4. A heat exchange device for a refrigeration appliance according to claim 3, wherein: the outer heat exchange cylinder and the inner heat exchange cylinder respectively comprise an inner heat conduction cylinder, an outer heat conduction cylinder and honeycomb heat exchange fins, the inner heat conduction cylinder and the outer heat conduction cylinder are coaxially arranged, the honeycomb heat exchange fins are arranged between the inner heat conduction cylinder and the outer heat conduction cylinder, an area formed by honeycomb holes of the honeycomb heat exchange fins between the inner heat conduction cylinder and the outer heat conduction cylinder is a medium heat exchange flow passage, a partition plate extending along the axial direction of the partition plate is further arranged between the inner heat conduction cylinder and the outer heat conduction cylinder, the partition plate divides the medium heat exchange flow passage into a first medium heat exchange flow passage and a second medium heat exchange flow passage, the first medium heat exchange flow passage and the second medium heat exchange flow passage are communicated, the heat exchange medium inlet joint is communicated with the first medium heat exchange flow passage, and the second medium heat exchange flow passage is communicated with the heat exchange medium outlet joint.

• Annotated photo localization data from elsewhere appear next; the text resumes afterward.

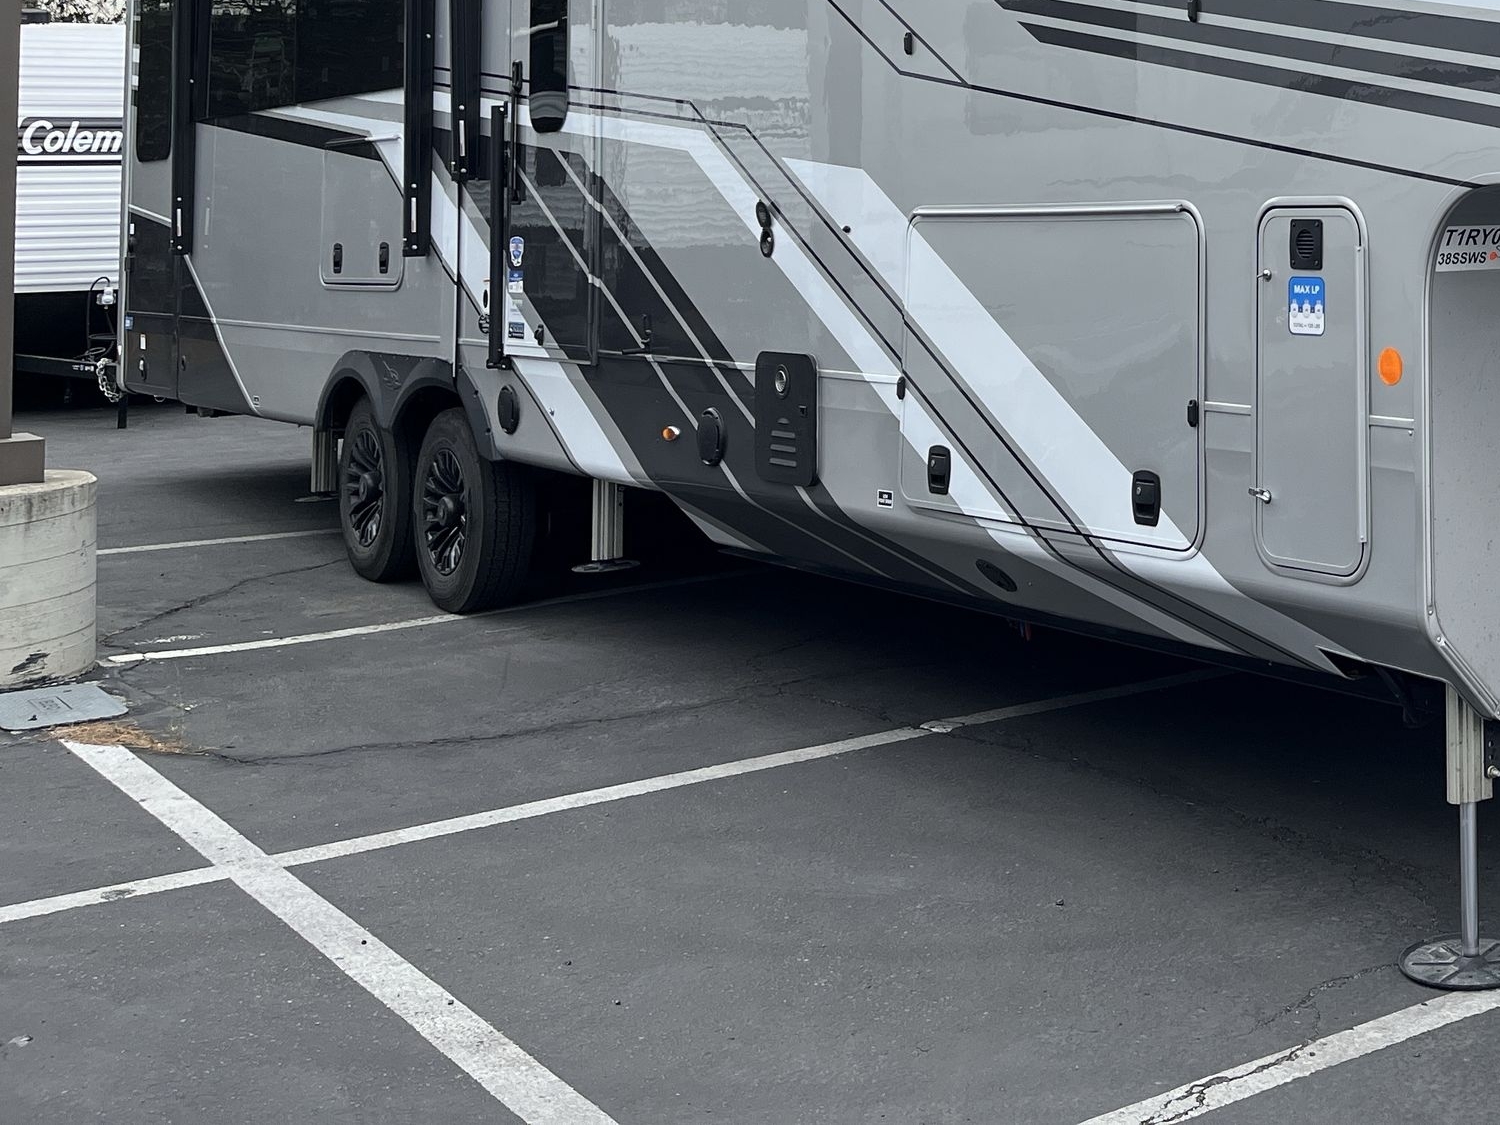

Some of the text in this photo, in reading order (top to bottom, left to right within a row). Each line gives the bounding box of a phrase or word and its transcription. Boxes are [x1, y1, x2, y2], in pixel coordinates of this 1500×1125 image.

[22, 119, 123, 155] Colem
[1438, 251, 1487, 265] 38SSWS
[1293, 284, 1320, 294] MAX LP
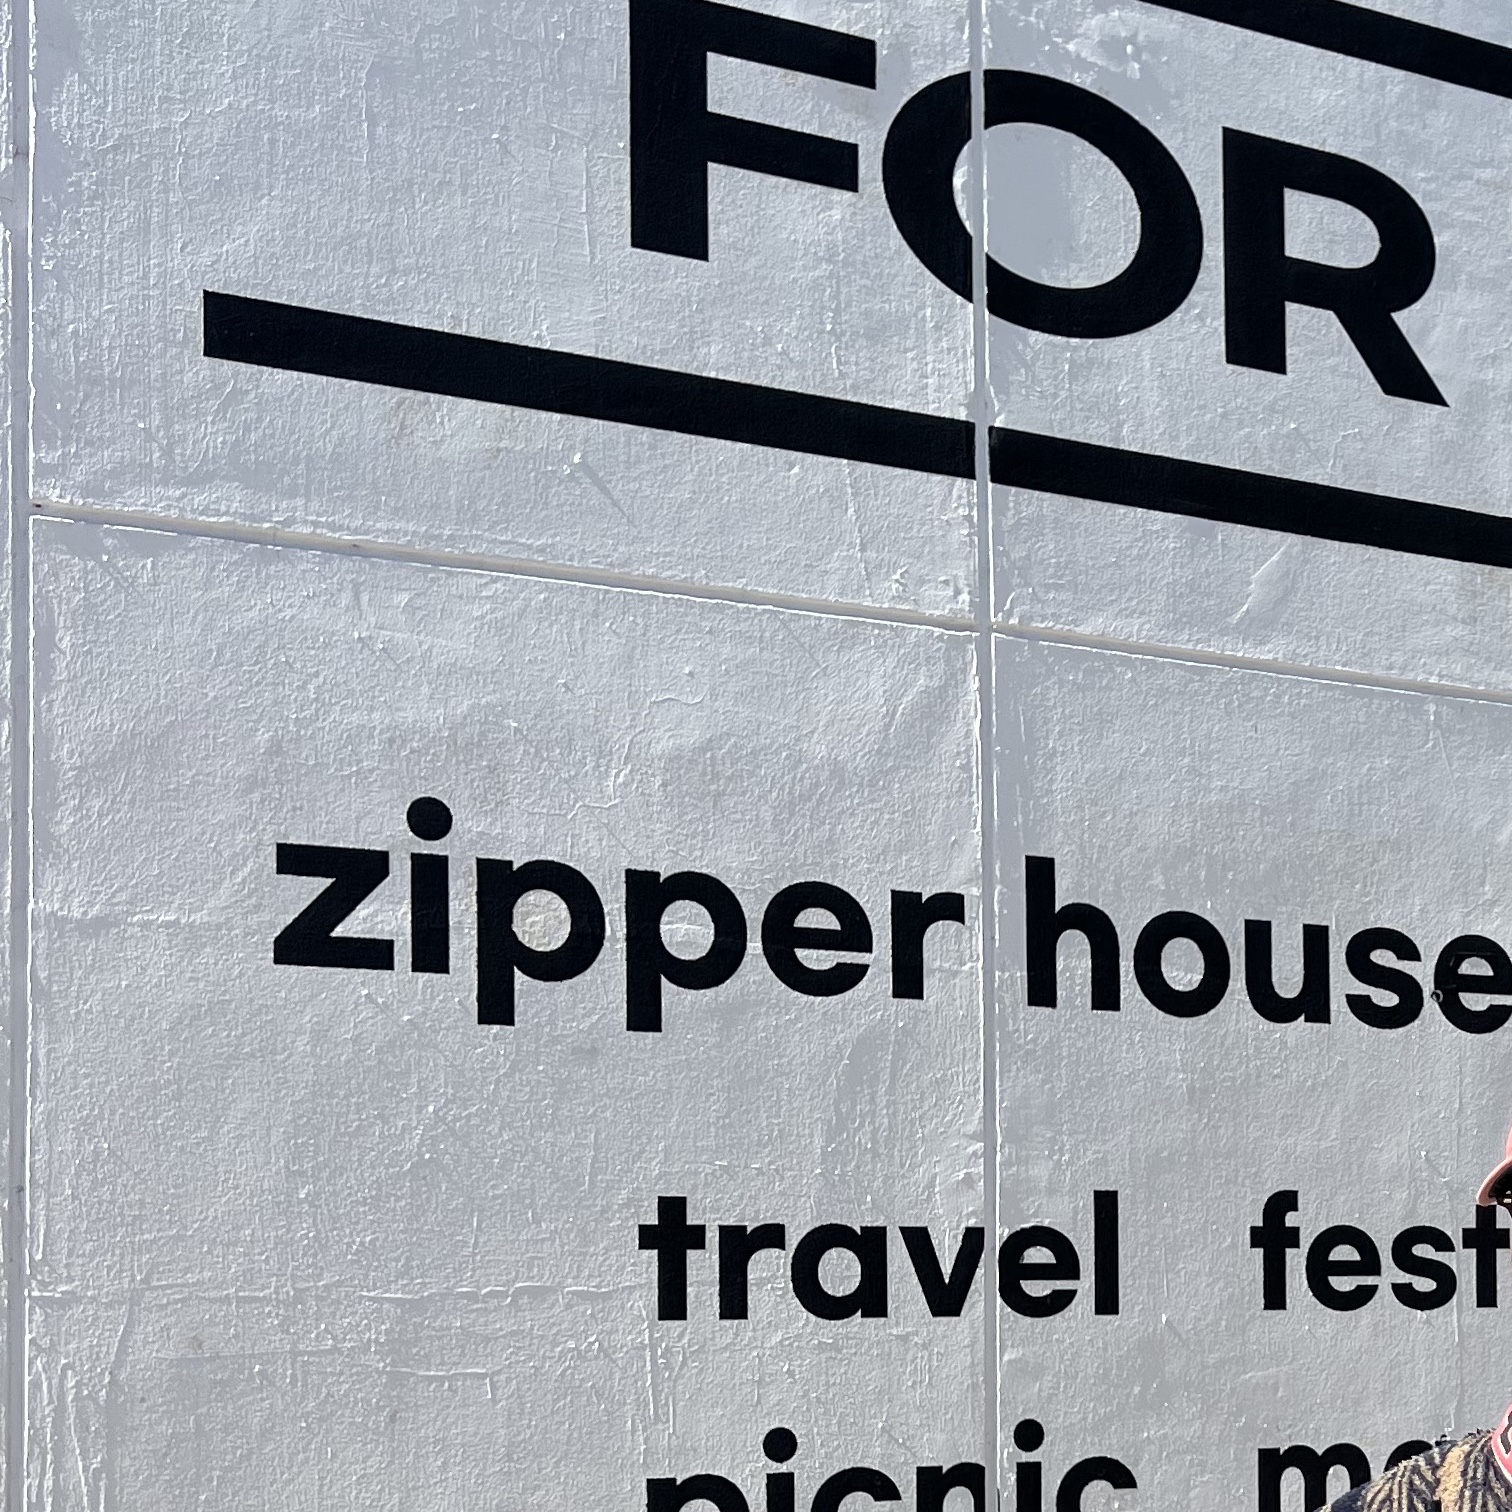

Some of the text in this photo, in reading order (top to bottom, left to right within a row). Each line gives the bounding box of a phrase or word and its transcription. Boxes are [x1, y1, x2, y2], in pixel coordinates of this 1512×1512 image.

[629, 0, 1449, 407] FOR
[274, 797, 966, 1033] zipper
[637, 1190, 1120, 1322] travel

5. The heat exchange device for a refrigerating apparatus as recited in claim 4, wherein: the air outlet comprises an inner air outlet and an outer air outlet, the inner heat exchange cylinder is provided with an inner air outlet extending along the axial direction of the inner heat exchange cylinder, the inner air outlet is radially formed in the inner heat exchange cylinder, the outer heat exchange cylinder is provided with an outer air outlet extending along the axial direction of the outer heat exchange cylinder, the outer air outlet is radially formed in the outer heat exchange cylinder, and the inner air outlet and the outer air outlet are oppositely arranged.

6. The heat exchange device for a refrigerating apparatus as recited in claim 5, wherein: and a radial heat exchange fin strip is arranged in an area enclosed between the outer heat exchange cylinder and the inner heat exchange cylinder and/or an inner cavity area of the inner heat exchange cylinder.

7. A heat exchange unit for a refrigeration appliance, as set forth in claim 6, wherein: and annular heat exchange fin strips which are axially arranged at intervals and are in a ring shape are arranged in an area enclosed between the outer heat exchange cylinder and the inner heat exchange cylinder and/or an inner cavity area of the inner heat exchange cylinder.

8. A heat exchange unit for a refrigeration appliance, as set forth in claim 7, wherein: the honeycomb holes of the honeycomb heat exchange fins extend along the axial direction of the outer heat exchange cylinder and the inner heat exchange cylinder.

9. A heat exchange unit for a refrigeration appliance, as set forth in claim 8, wherein: the cross sections of the first medium heat exchange flow channel and the second medium heat exchange flow channel are arc-shaped flow channels, and the central angle of each arc-shaped flow channel is smaller than 170 degrees and larger than 135 degrees.

10. A heat exchange unit for a refrigeration appliance, as set forth in claim 1, wherein: the outer wall of the outer heat exchange barrel is surrounded with a heat preservation layer, and the inclination angle of the upper plate can be adjusted.